* Task to carry out
Please return every record exactly, with no pictures included.

* Entries provided

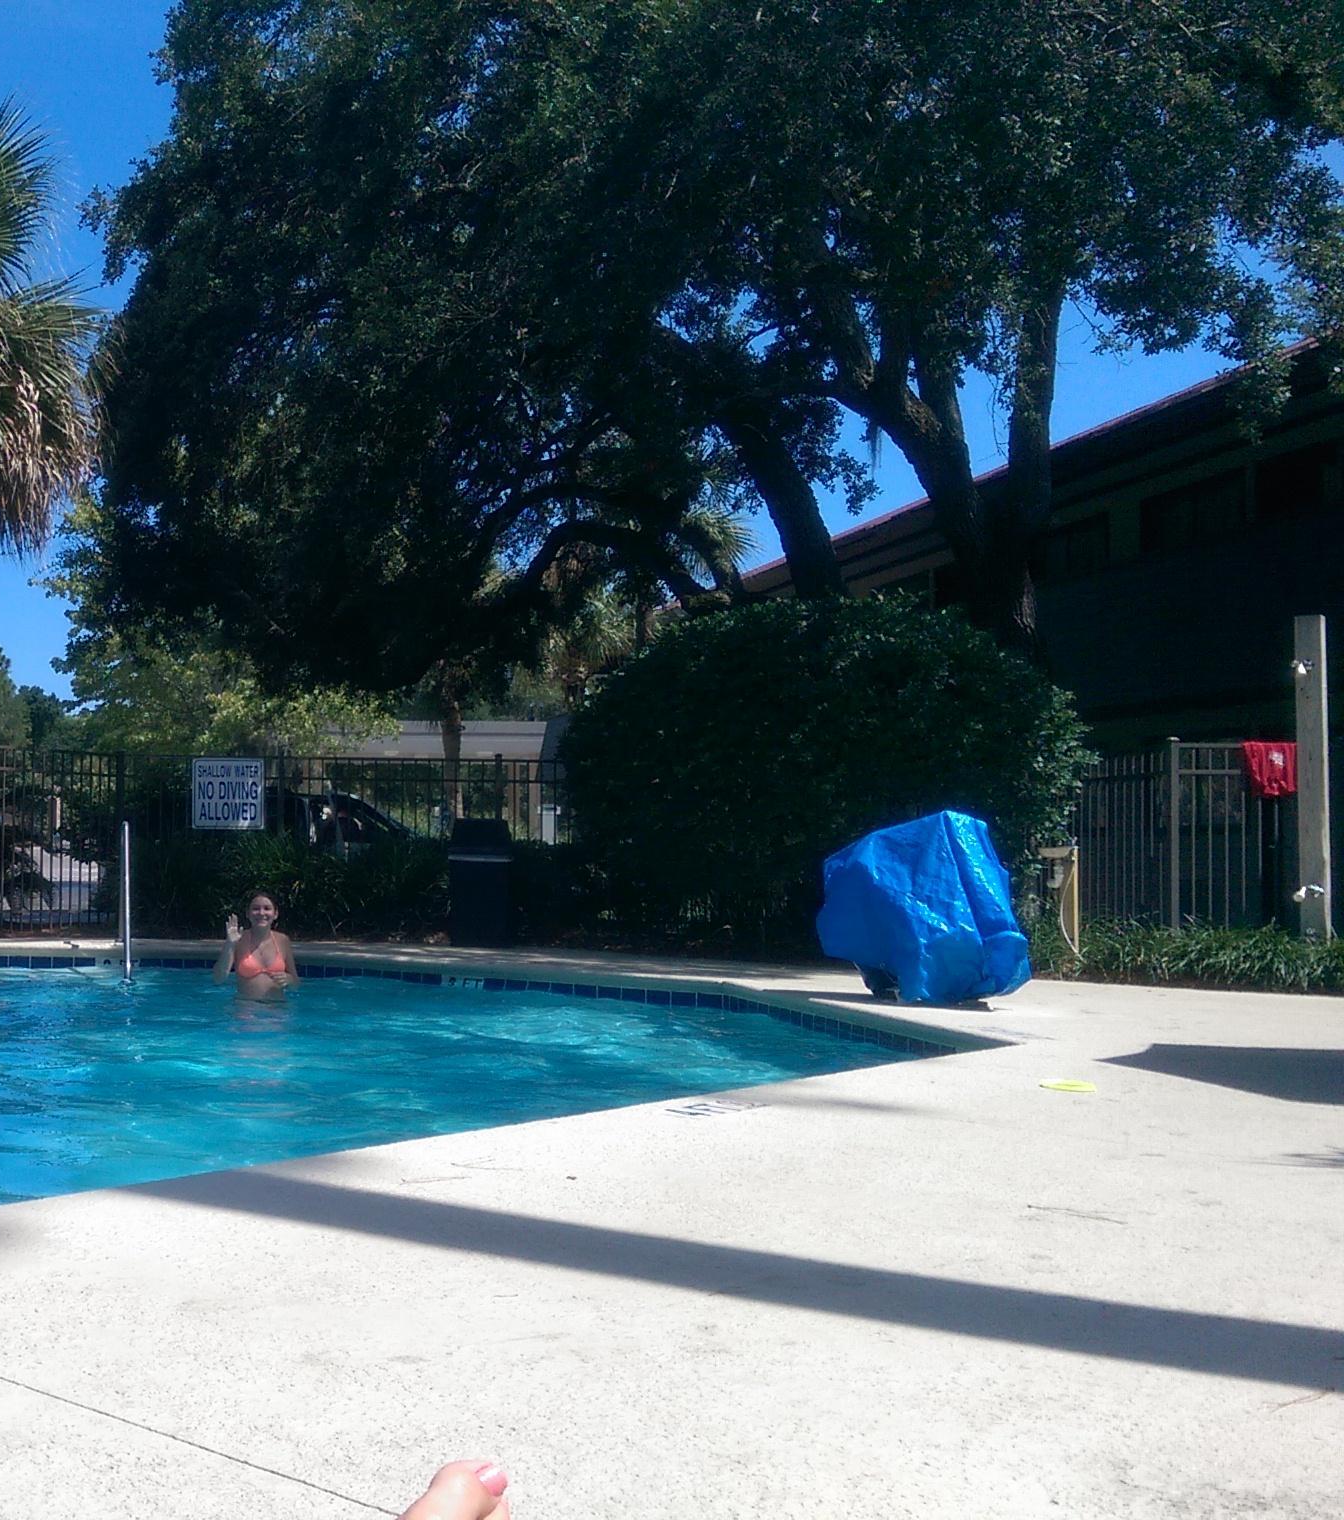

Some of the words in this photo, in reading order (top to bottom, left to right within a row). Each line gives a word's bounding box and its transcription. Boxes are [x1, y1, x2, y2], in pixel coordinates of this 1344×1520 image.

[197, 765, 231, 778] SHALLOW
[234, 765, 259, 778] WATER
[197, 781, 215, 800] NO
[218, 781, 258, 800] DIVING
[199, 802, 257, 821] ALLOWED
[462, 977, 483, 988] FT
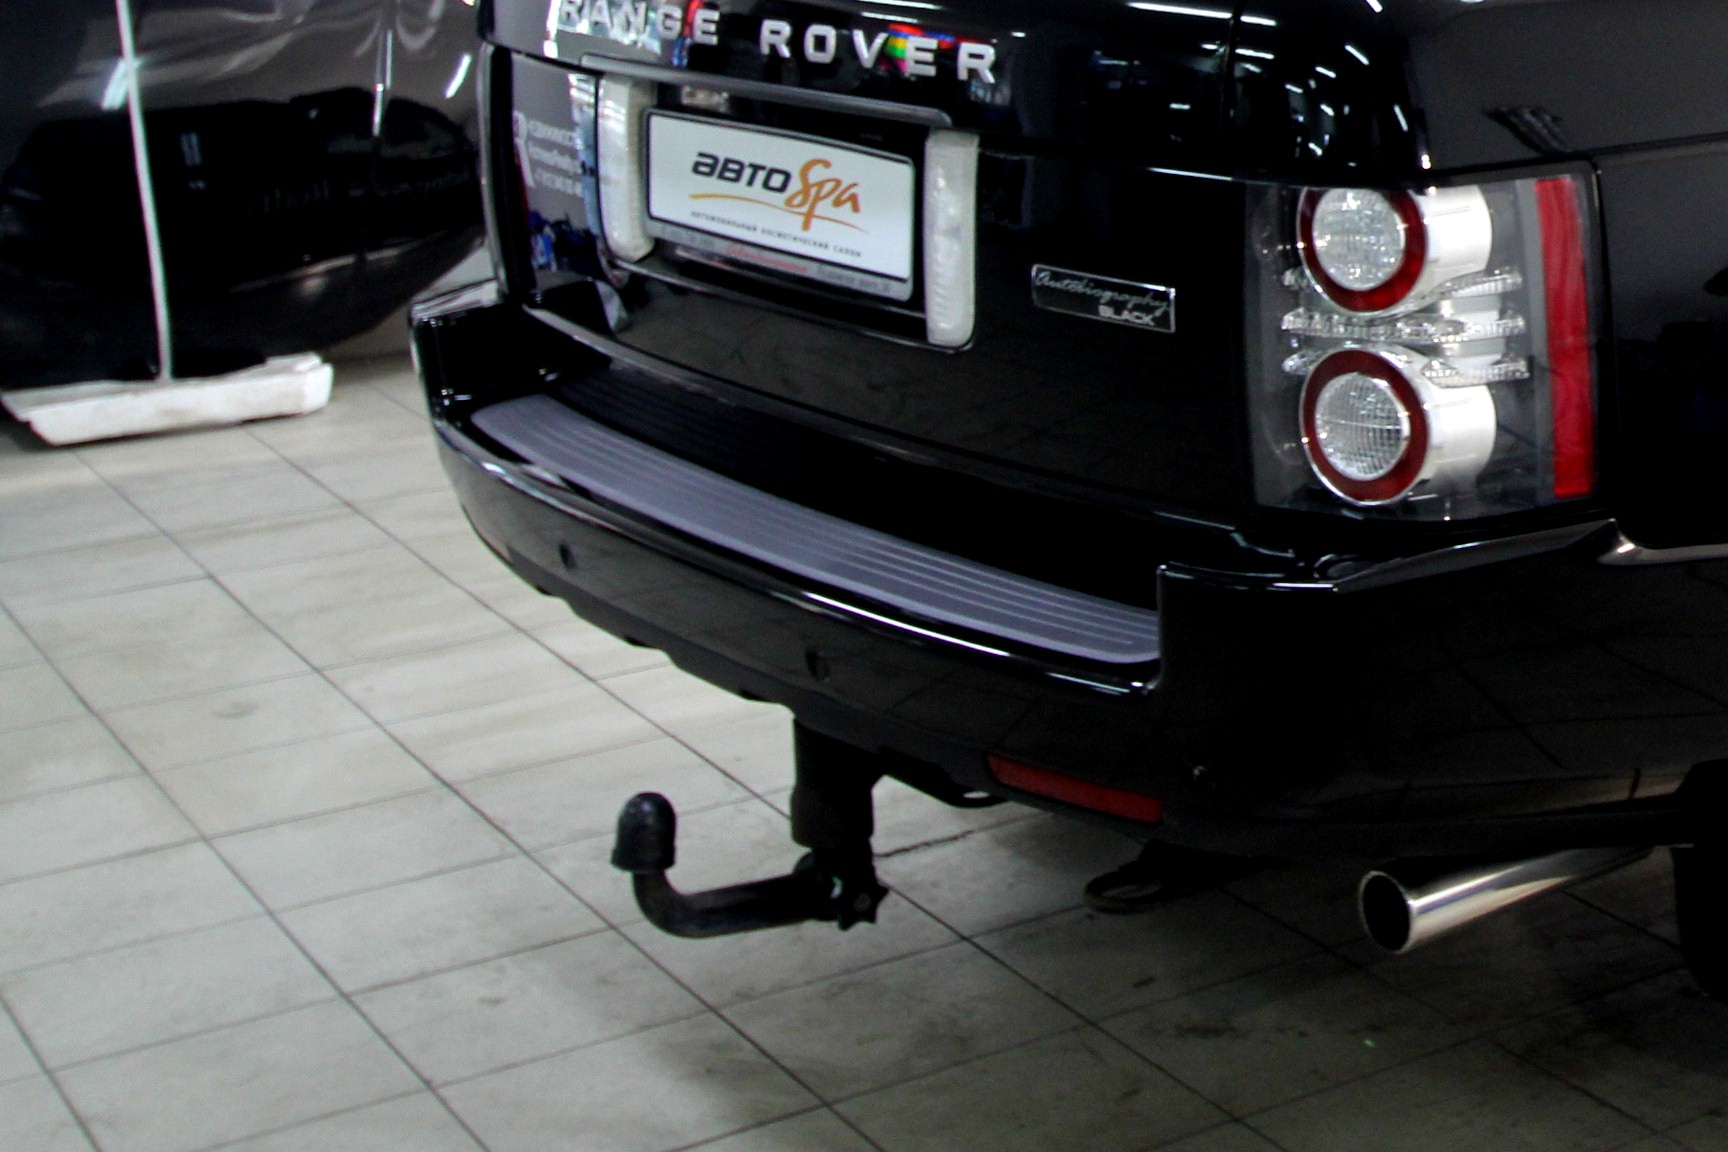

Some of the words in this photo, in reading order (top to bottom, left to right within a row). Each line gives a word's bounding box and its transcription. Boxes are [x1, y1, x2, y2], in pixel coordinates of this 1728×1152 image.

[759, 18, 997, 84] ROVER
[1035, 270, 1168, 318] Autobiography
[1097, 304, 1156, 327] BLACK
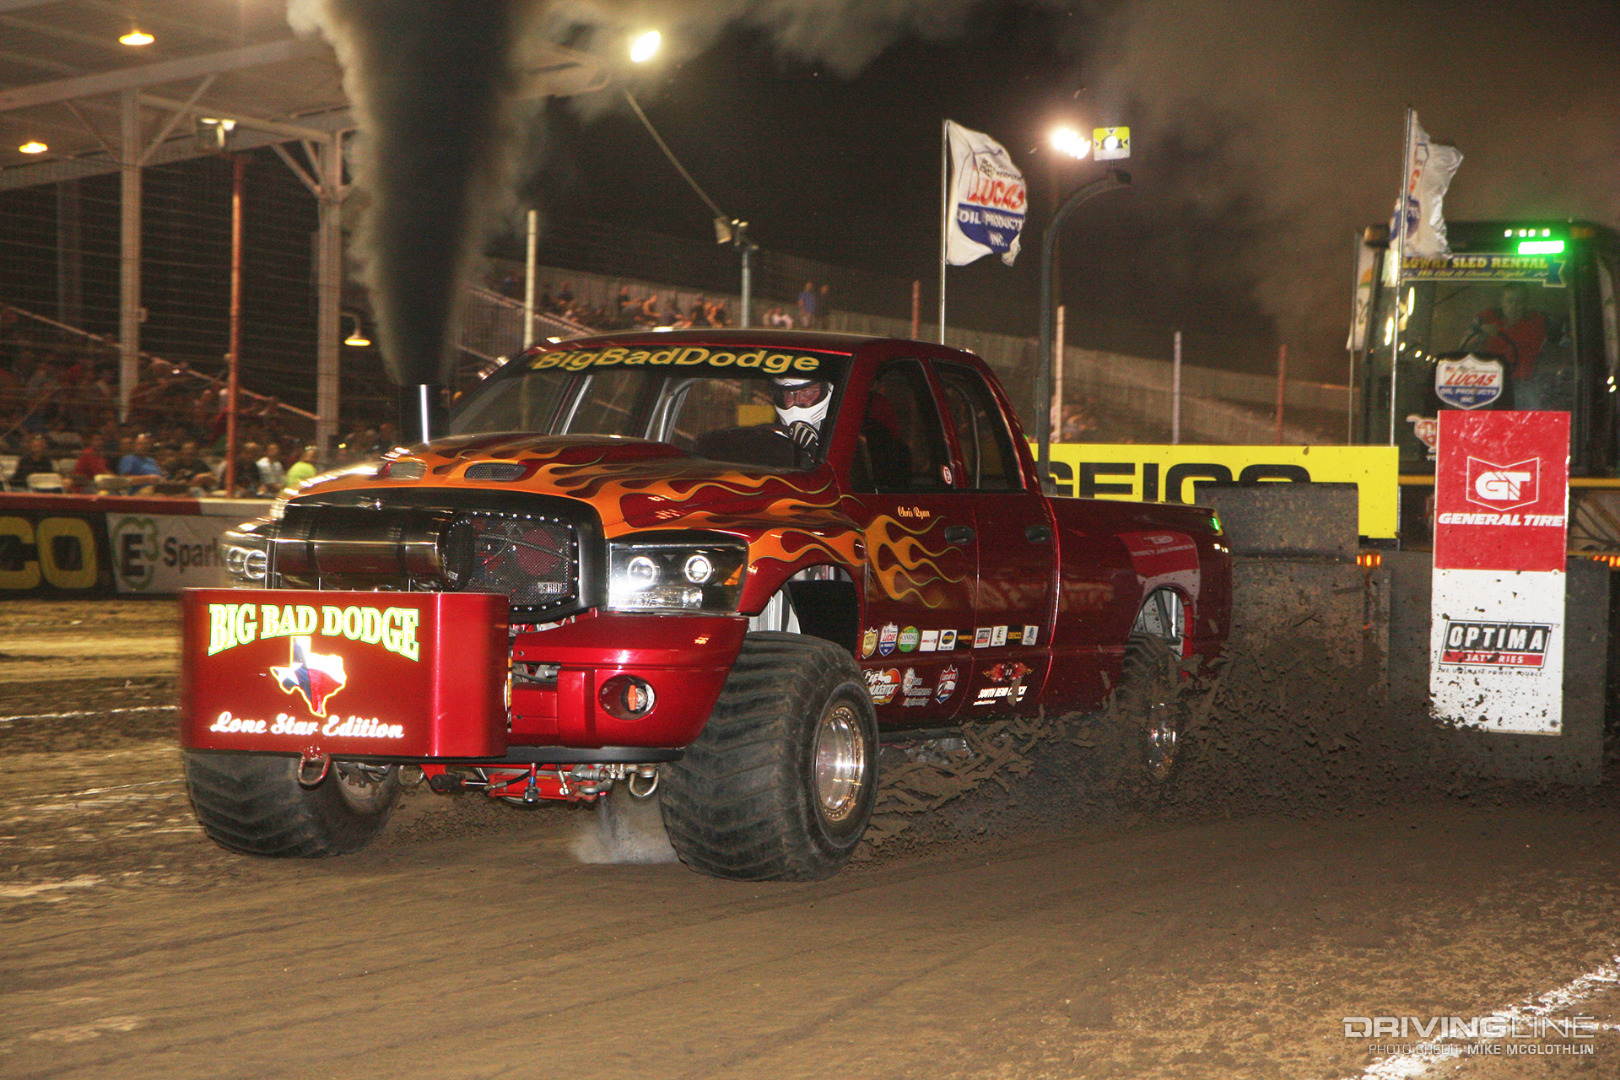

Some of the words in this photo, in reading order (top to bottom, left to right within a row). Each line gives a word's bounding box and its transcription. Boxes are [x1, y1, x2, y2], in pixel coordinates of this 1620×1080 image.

* Output of the exercise
Some of the words in this photo, in reading order (top to bottom, left to right within a row). Each line gives a word's bounding box and its transcription. Boxes are [x1, y1, x2, y2], in pixel coordinates of this 1344×1520 image.

[197, 765, 231, 778] SHALLOW
[234, 765, 259, 778] WATER
[197, 781, 215, 800] NO
[218, 781, 258, 800] DIVING
[199, 802, 257, 821] ALLOWED
[462, 977, 483, 988] FT

Some of the words in this photo, in reading order (top to bottom, left to right within a row). Each line gives a word's bounding box and its transcription. Boxes are [x1, y1, x2, y2], in pixel coordinates of this 1728×1152 image.

[759, 18, 997, 84] ROVER
[1035, 270, 1168, 318] Autobiography
[1097, 304, 1156, 327] BLACK

Some of the words in this photo, in reading order (top to bottom, left to right within a row). Each line gives a word's bounding box and its transcription. Boxes are [x1, y1, x2, y2], in pixel coordinates of this 1620×1080 image.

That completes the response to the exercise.